■ Exercise directions ■
Transcribe the records from the line containing "Some of the text" onward, up to and including the final line, exactly and without anything else.

Annotated photo localization data
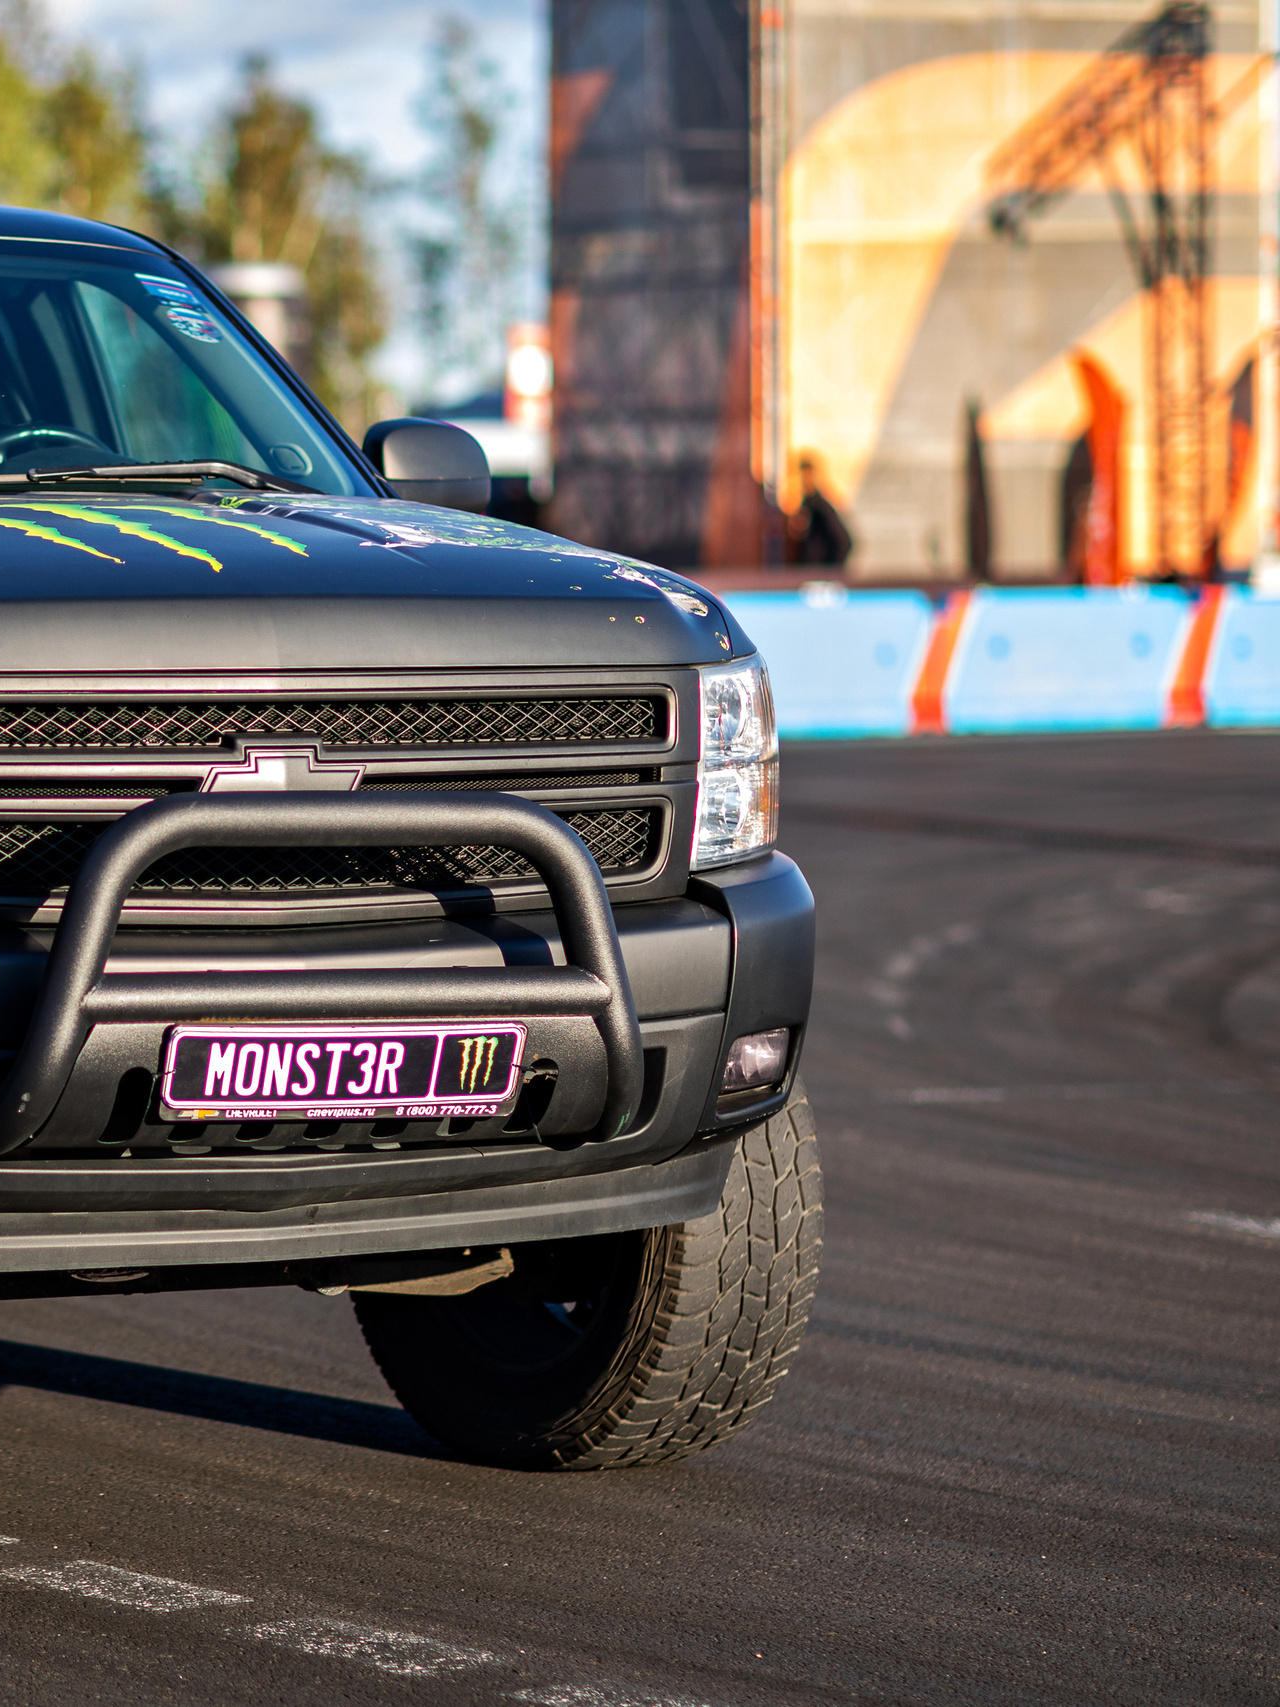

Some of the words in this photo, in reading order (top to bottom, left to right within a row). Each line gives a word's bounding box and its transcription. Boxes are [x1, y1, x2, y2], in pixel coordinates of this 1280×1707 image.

[204, 1042, 406, 1097] MONST3R
[395, 1106, 405, 1116] 8
[406, 1105, 437, 1116] (800)
[439, 1105, 497, 1115] 770-777-3
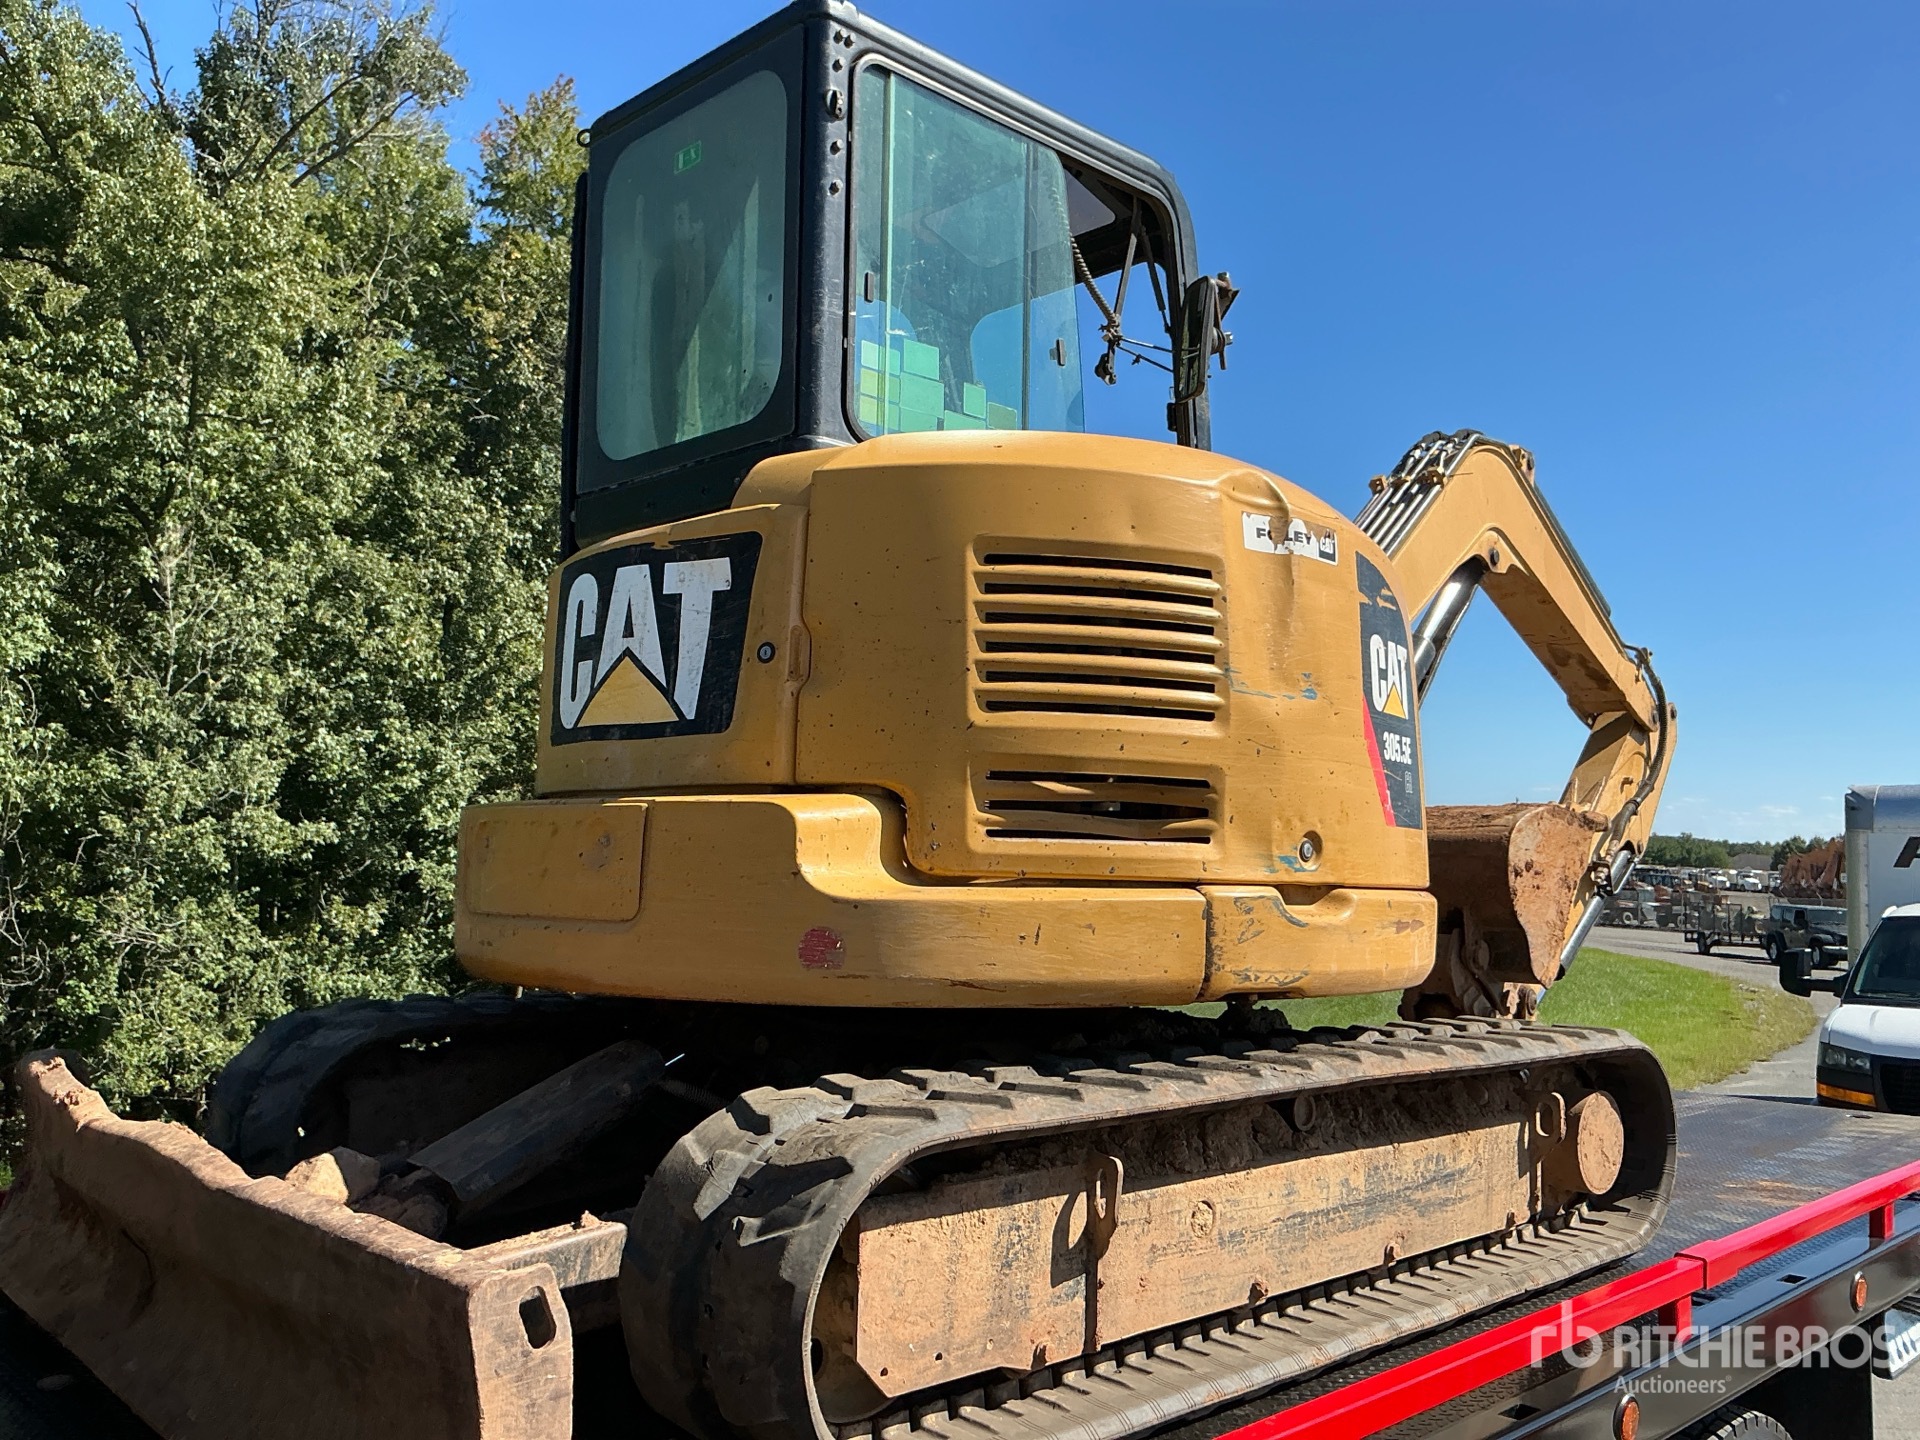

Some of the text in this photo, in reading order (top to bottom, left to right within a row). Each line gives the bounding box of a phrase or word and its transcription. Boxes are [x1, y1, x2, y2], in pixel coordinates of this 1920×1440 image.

[560, 557, 732, 730] CAT
[1369, 633, 1409, 720] CAT
[1383, 731, 1412, 765] 305.5E

■ Reply ■
Some of the text in this photo, in reading order (top to bottom, left to right within a row). Each line gives the bounding box of a phrase or word and its transcription. Boxes are [x1, y1, x2, y2], in pixel coordinates of this 1920×1440 image.

[560, 557, 732, 730] CAT
[1369, 633, 1409, 720] CAT
[1383, 731, 1412, 765] 305.5E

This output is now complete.